J’ai trainé les pieds, baissé les yeux, tu m’as saisi l’épaule en riant comme si tu venais de me refuser une glace alors que tu me refusais la Vie.


Tu me traines dans ce centre commercial, moche, gris, inutile, les talons de tes weston claquent, moi je passe inaperçue. Tu me fais m’asseoir dans un décor austère, minuscule. Tu me scrutes du regard, tu m’en veux, je ne sais même pas si c’est par habitude, mais je baisse néanmoins les yeux, j’évite le conflit, j’ai faim, je suis fatiguée de ne pas comprendre la carte, je n’ai pas envie de déchiffrer les dessins alors je te demande piteusement de commander pour moi. Il est une rumeur dans le monde qui dit que ce chef ne vit que pour le poisson, qu’il a passé sa vie à perfectionner son art, pourtant il a le regard austère, je me dis qu’il n’a pas trouvé le repos. Que sans cesse renouvelé son art ne le laissera jamais le trouver. On ne dompte pas la Nature. Je ne connais pas les noms de ce que tu me forces à manger, il y a du thon rouge, du poulpe, du requin, tu sais que je détestes ça, ces textures me font horreur. C’est un massacre qui me révolte.

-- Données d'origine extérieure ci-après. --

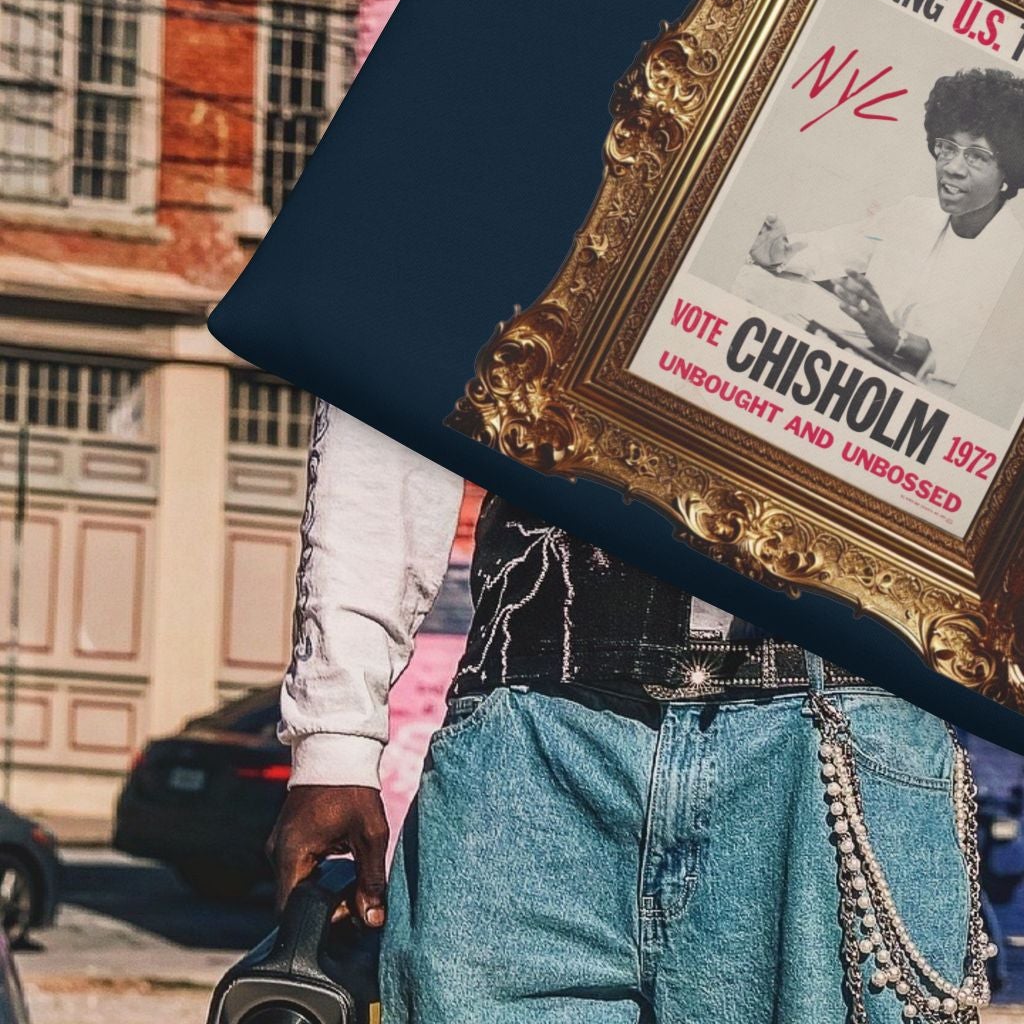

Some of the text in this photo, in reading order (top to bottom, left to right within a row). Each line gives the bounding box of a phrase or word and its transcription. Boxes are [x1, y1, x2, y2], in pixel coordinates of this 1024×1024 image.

[791, 45, 908, 133] NYC
[658, 350, 784, 423] UNBOUGHT
[783, 415, 834, 449] AND
[841, 441, 962, 513] UNBOSSED
[670, 298, 997, 480] VOTE CHISHOLM 1972
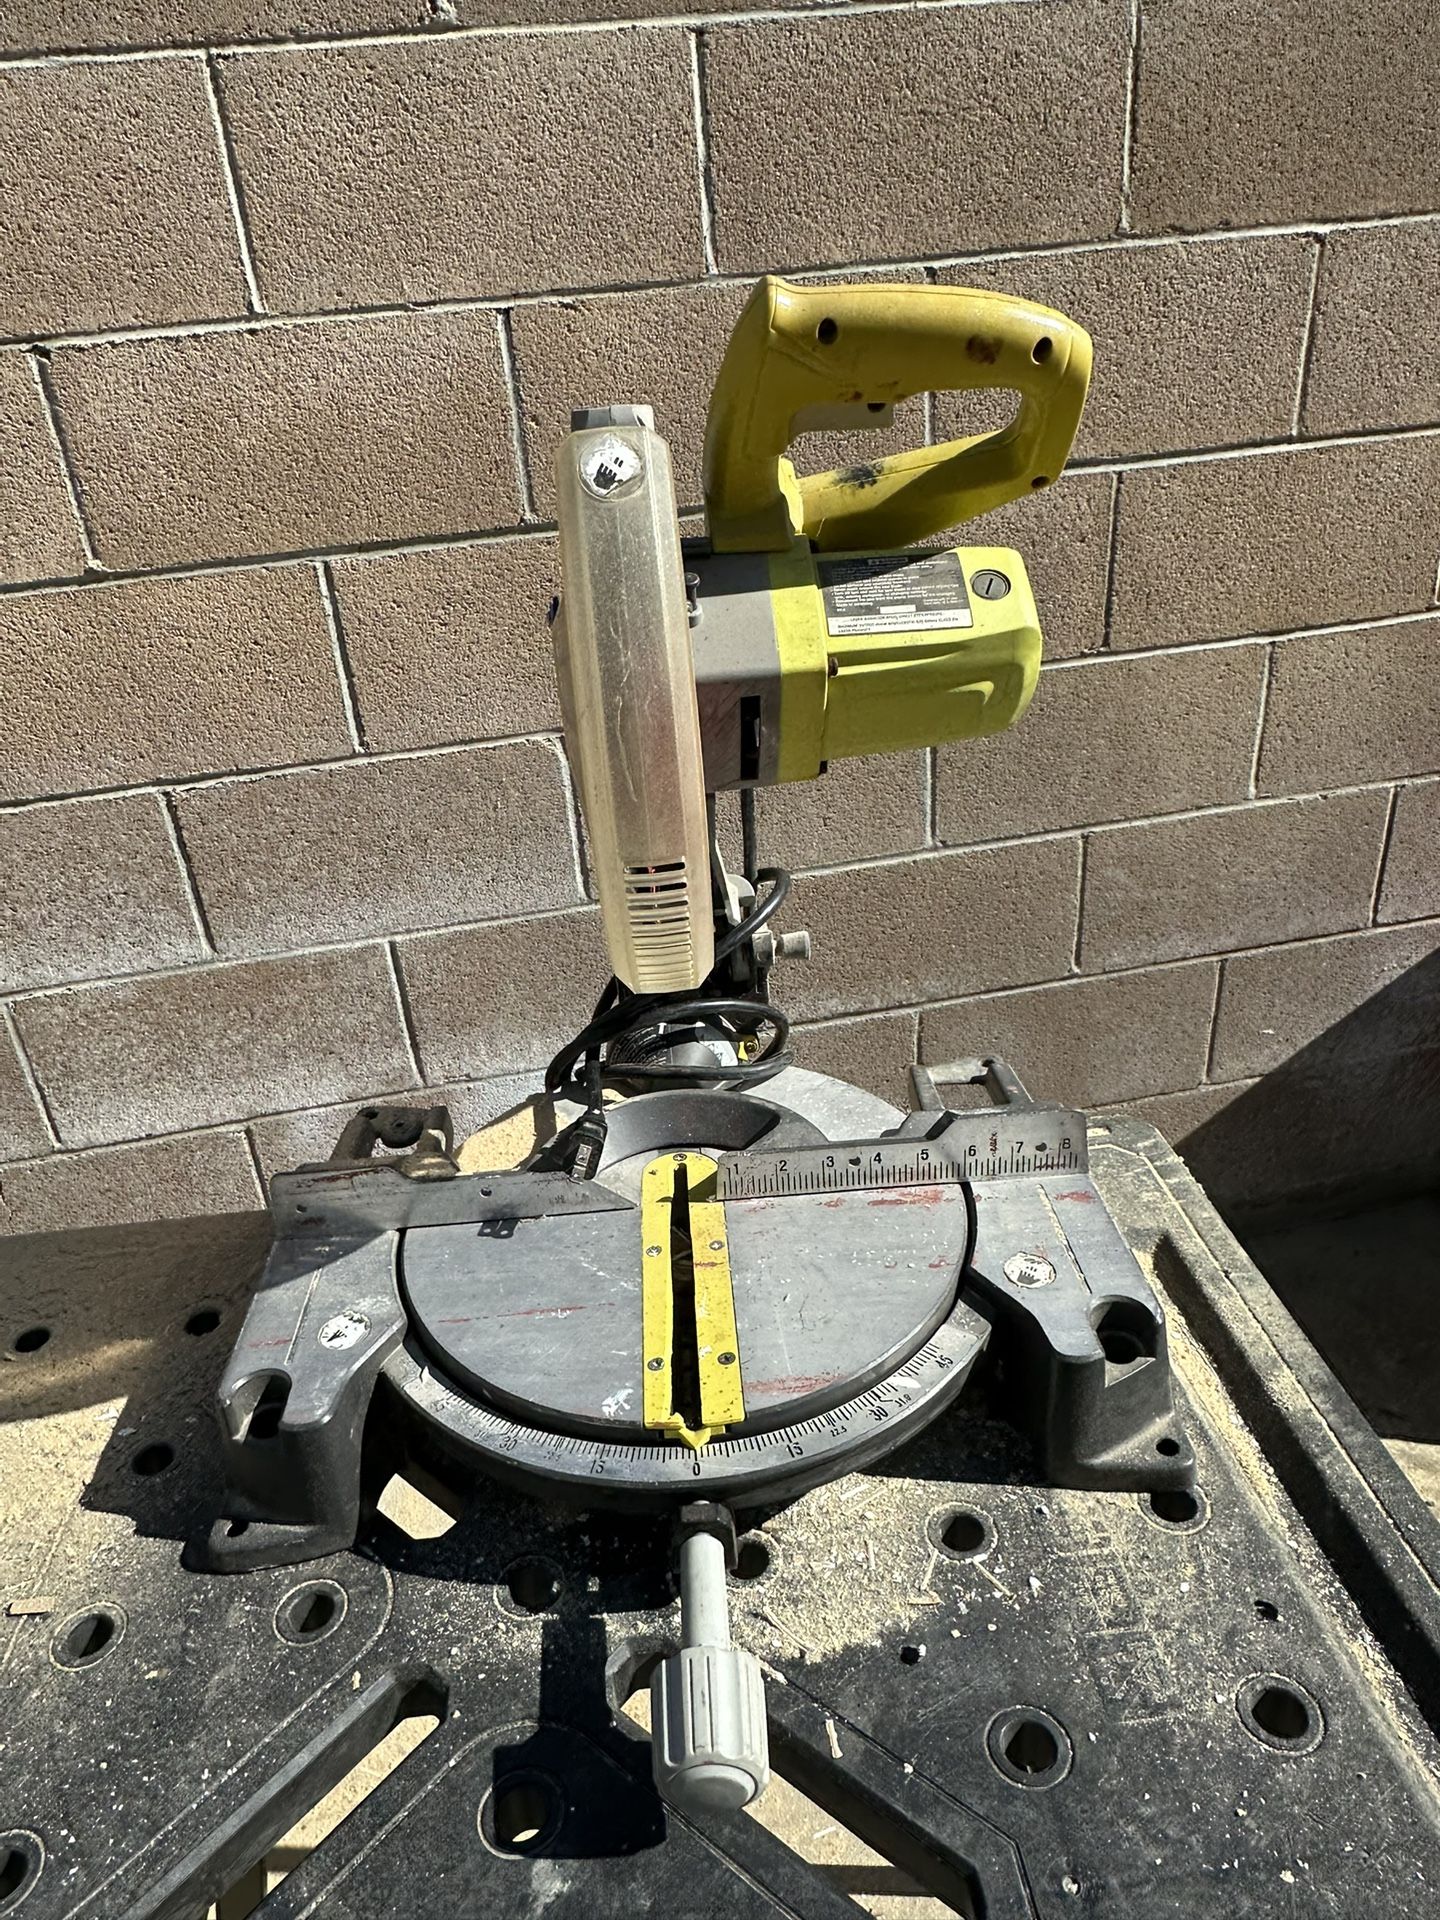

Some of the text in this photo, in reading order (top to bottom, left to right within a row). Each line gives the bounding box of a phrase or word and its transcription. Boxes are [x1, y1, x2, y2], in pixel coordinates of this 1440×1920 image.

[733, 1138, 1071, 1175] 1 2 3 4 5 6 7 8
[499, 1435, 518, 1451] 30
[590, 1459, 605, 1474] 15
[692, 1462, 701, 1476] 0
[787, 1441, 804, 1458] 15
[830, 1425, 847, 1437] 22.5
[868, 1405, 889, 1421] 30
[935, 1354, 954, 1369] 45

Tu sais que cela va contre mes convictions, tu l’as fait exprès. Tu jubiles sans lever les yeux de ton assiette, sans un mot. Il t’est tellement facile de me mater, de faire de moi ce que tu veux que ce sport ne t’amuses même plus, tu le fais par habitude. Tu sais que même si je refuse de manger tu auras gagné car la faim sera là tout aussi honteuse que la défaite d’avoir avalé ce qui me répugne.

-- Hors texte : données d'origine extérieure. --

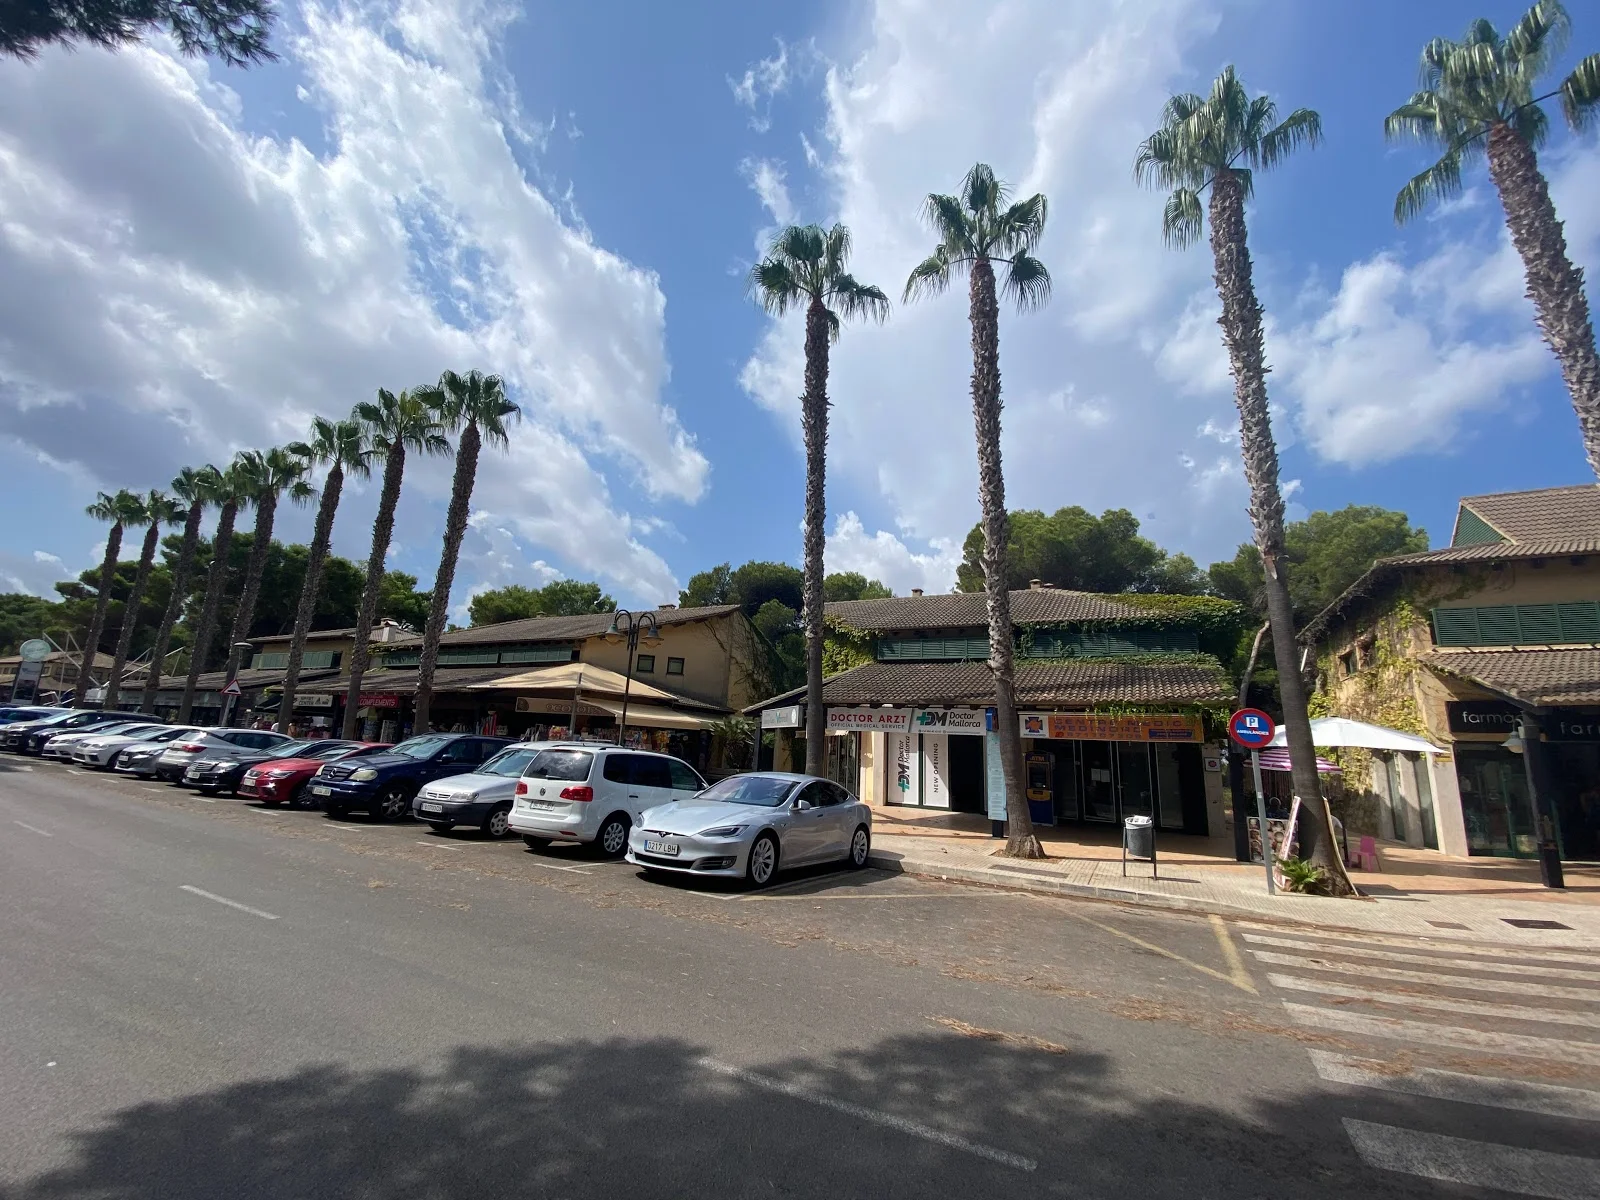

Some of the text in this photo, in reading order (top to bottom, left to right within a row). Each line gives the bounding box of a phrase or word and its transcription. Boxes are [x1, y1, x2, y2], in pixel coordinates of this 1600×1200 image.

[360, 699, 396, 707] COMPLEMENTS
[831, 713, 906, 723] DOCTOR ARZT
[949, 711, 976, 720] Doctor
[948, 720, 981, 728] Mallorca
[1249, 717, 1256, 726] P
[647, 841, 677, 854] 0217 LBH

Tu croques dans la carpe, d’autres poissons grisâtres, mortifères, je peux voir jusqu’à la vase gicler sur tes dents, tes lèvres, emplir les commissures de tes lèvres, tu ne t’essuie pas, tu bois du vin, gris, sec, infâme. Tu t’apparente aux poissons froids, opalescents. Toucher ta peau maintenant serait toucher la peau d’un noyé. Je sors le tube de rouge à lèvres que tu m’as acheté chez Shiseido. La couleur en est rouge, très rouge. J’en écrase trop sur mes lèvres, tant pis. Je veux rappeler la Vie ici.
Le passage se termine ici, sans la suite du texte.